A24 Is Trying to Make Blockbusters
Briefly

A24, founded in 2012, has cultivated an ardent following through distinctive films such as Moonlight, The Brutalist, Everything Everywhere All at Once, and notable horror titles. The studio generates additional revenue and visibility through merchandise sales and a paying fan club of roughly one hundred thousand members; some fans even get the studio's logo tattooed.
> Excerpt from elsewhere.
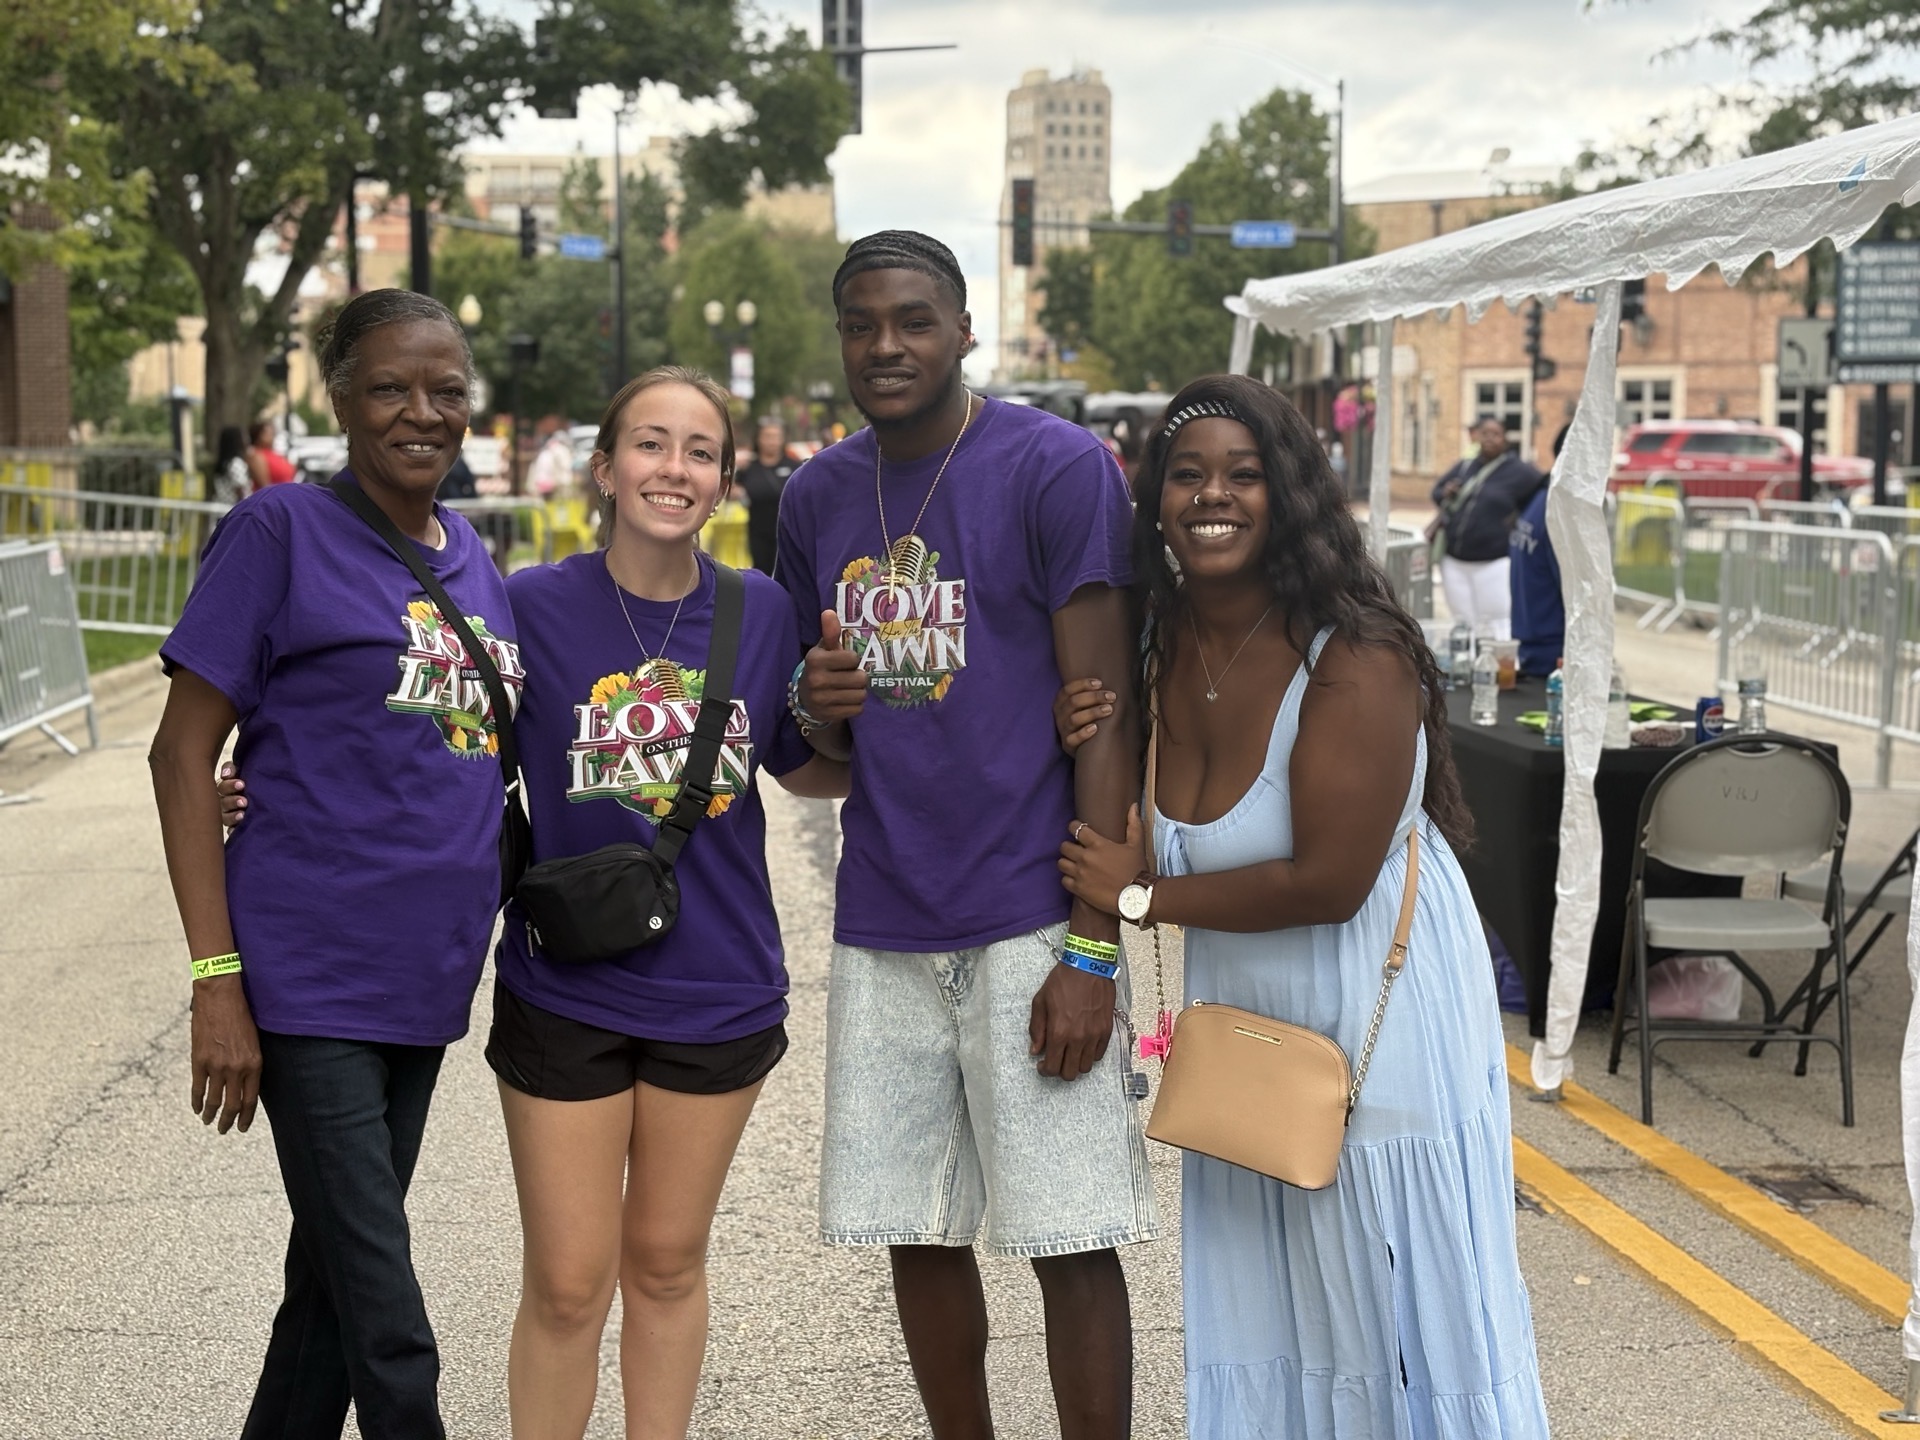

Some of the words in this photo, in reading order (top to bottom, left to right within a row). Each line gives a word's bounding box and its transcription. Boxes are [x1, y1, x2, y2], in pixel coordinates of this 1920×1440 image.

[835, 580, 966, 627] LOVE
[871, 677, 934, 687] FESTIVAL
[646, 742, 665, 754] ON
[666, 736, 692, 748] THE
A compact core of executives shapes projects across green-lighting, editing, director support, and audience outreach, creating a unifying sensibility across filmmakers. Marketing campaigns are coordinated with directors but also serve as broader studio branding. The company now intends to pursue larger, blockbuster-style releases alongside its indie slate.
For this week's special double issue, Alex Barasch reports on the rise and the indie dominance of A24, which since its founding, in 2012, has built an ardent following with movies such as "Moonlight," "The Brutalist," "Everything Everywhere All at Once," and many more, including some first-rate horror films. In addition, A24 does brisk sales in merch (sweatshirts, dog leashes), and hosts a fan club with roughly a hundred thousand paying members. Some acolytes have even gotten tattoos of the studio's logo.
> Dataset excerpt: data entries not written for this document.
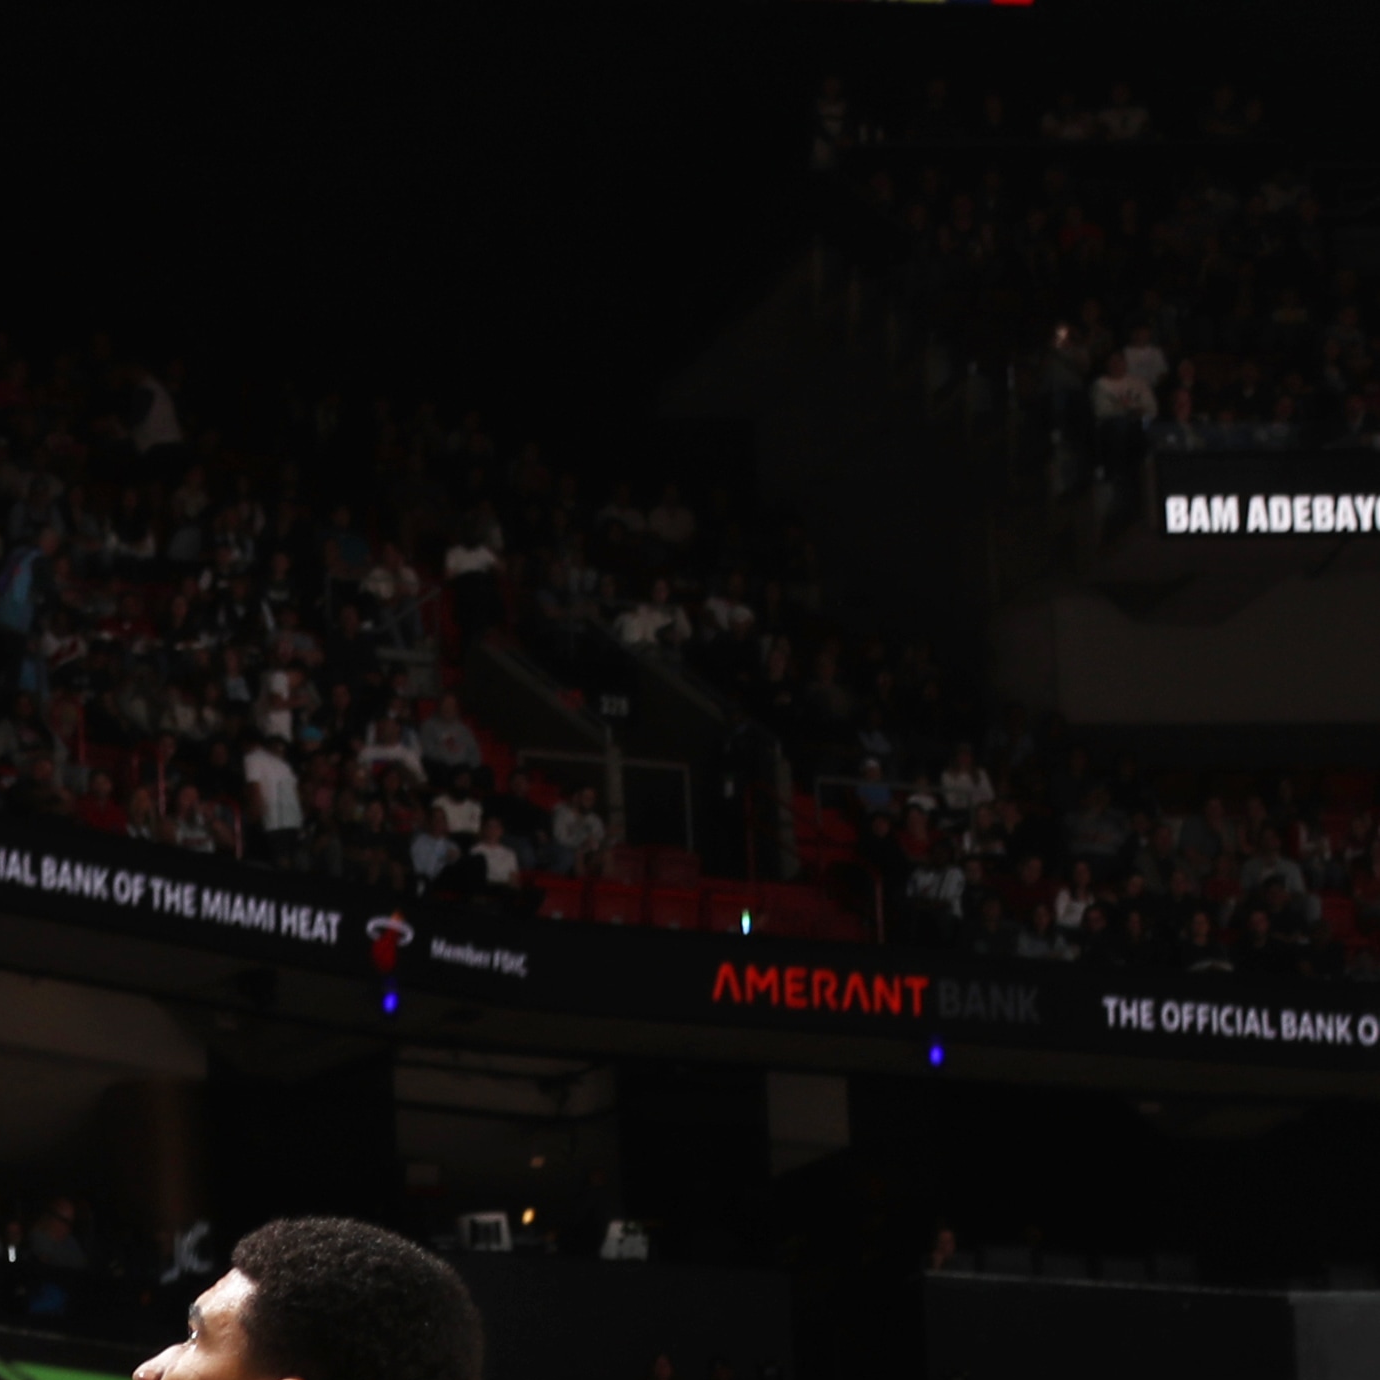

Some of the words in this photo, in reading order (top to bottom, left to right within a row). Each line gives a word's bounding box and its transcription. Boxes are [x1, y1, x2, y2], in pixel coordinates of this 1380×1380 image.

[1165, 494, 1239, 533] BAM
[1246, 494, 1380, 533] ADEBAY
[40, 856, 108, 900] BANK
[112, 871, 147, 906] OF
[150, 877, 196, 920] THE
[200, 887, 276, 934] MIAMI
[280, 904, 342, 944] HEAT
[713, 961, 929, 1017] AMERANT
[937, 978, 1040, 1024] BANK
[1103, 996, 1155, 1031] THE
[1160, 1001, 1277, 1040] OFFICIAL
[1280, 1009, 1353, 1045] BANK
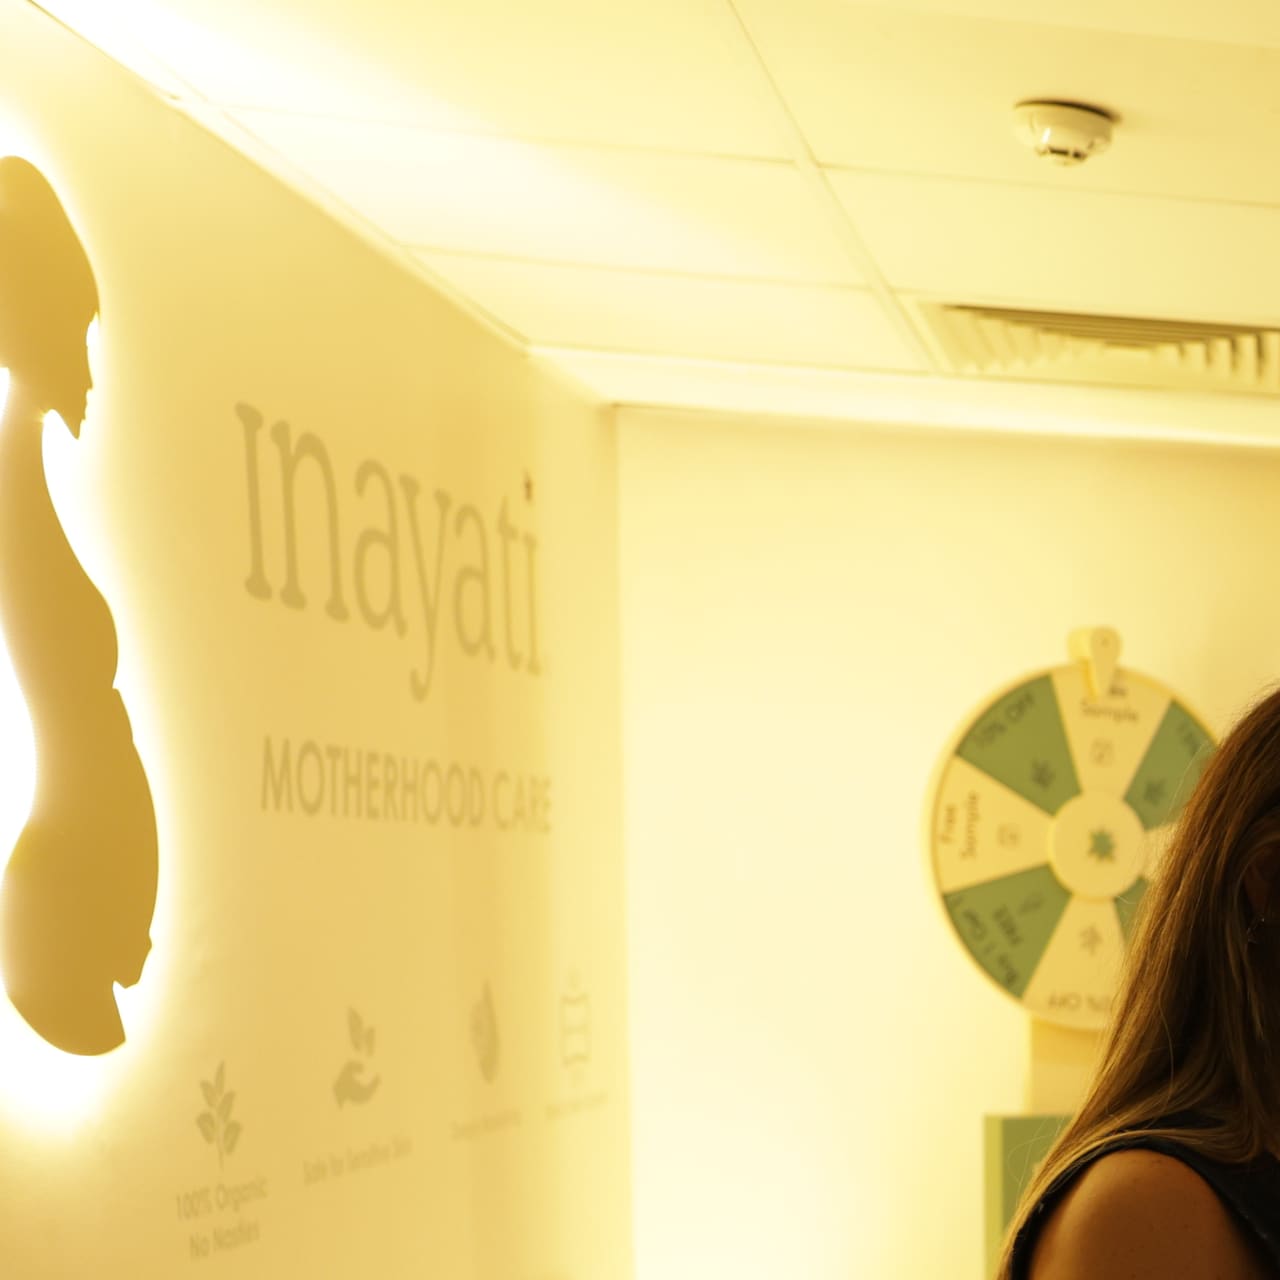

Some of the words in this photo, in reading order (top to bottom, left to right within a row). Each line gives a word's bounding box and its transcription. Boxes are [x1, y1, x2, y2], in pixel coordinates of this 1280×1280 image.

[261, 736, 486, 829] MOTHERHOOD
[492, 770, 553, 834] CARE
[215, 1175, 268, 1213] Organic
Part of A24's cachet undoubtedly comes from its discerning taste in collaborators: filmmakers such as Sofia Coppola, Alex Garland, Ari Aster, and Barry Jenkins. But Alex notes that, despite its work with highly individual directors, the studio's films have a unifying quality: "each one feels, for better or worse, like the product of a singular mind." That "mind" is composed of a core group of executives who collaborate on nearly every phase of the project: green-lighting a movie, helping in the editing room, cheering up a nervous director, selling the movie to audiences.